As Dr. Kalyanam Shivkumar pondered how to fix the human heart, he was given a gift laced with horror. Shivkumar, a cardiac electrophysiologist known as “Shiv” to friends and co-workers at UCLA, was trying to better understand the intricate details of nerves in the chest.

He hoped doing so might help him improve treatments for cardiac arrhythmias — aberrant rhythms of the heart — that can prove dangerous and even deadly . A Canadian colleague sent him a set of anatomy books renowned for the beauty and detail of their drawings, but tipped him off that the “atlas” had an appalling history. Shivkumar was aghast to learn it was the work of an ardent Nazi whose Vienna institute had dissected the bodies of prisoners, many executed for political reasons after Austria was annexed to Nazi Germany in 1938.

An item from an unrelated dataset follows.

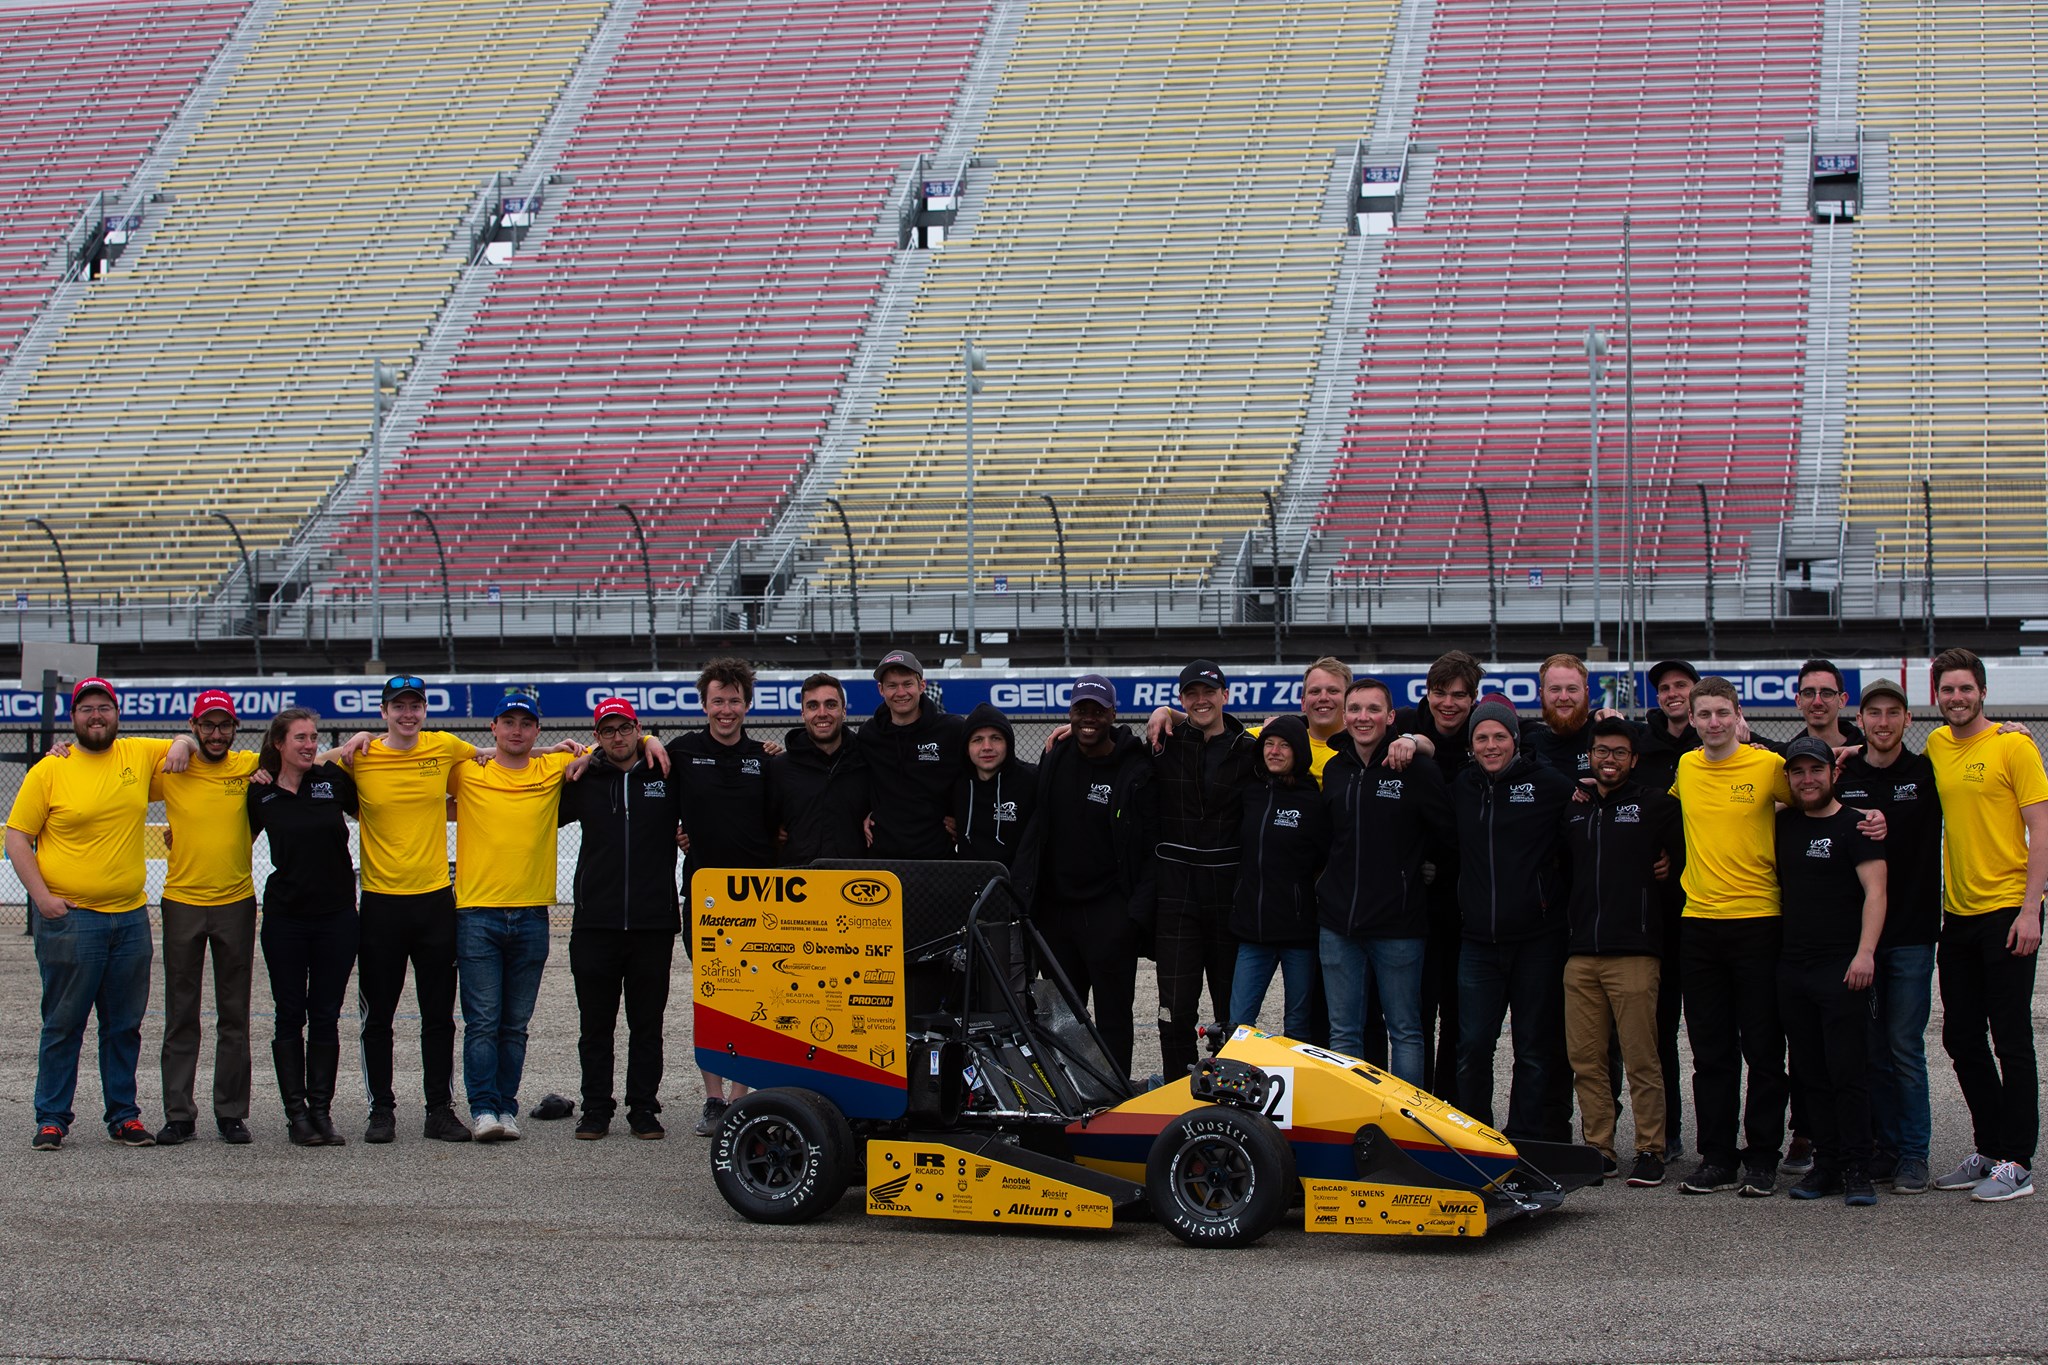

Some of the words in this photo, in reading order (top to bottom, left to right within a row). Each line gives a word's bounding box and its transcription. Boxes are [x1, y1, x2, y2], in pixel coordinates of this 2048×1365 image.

“Every time I open up that book,” he said, “my sense is revulsion.” Shivkumar is a big thinker, an erudite physician quick with an apt quotation, whose Westwood office is stacked with Sanskrit volumes of the Mahabharata alongside books about late Bruins basketball coach John Wooden . As he waded into the scholarly debate over using the tainted atlas, the doctor bristled at hearing others praise its illustrations as “unsurpassable.

” Much of the soul searching among physicians had revolved around when and how to use it. Shivkumar wanted to put those questions to bed. “Could we be better?” he asked.

“Could we not be making something that’s completely untai.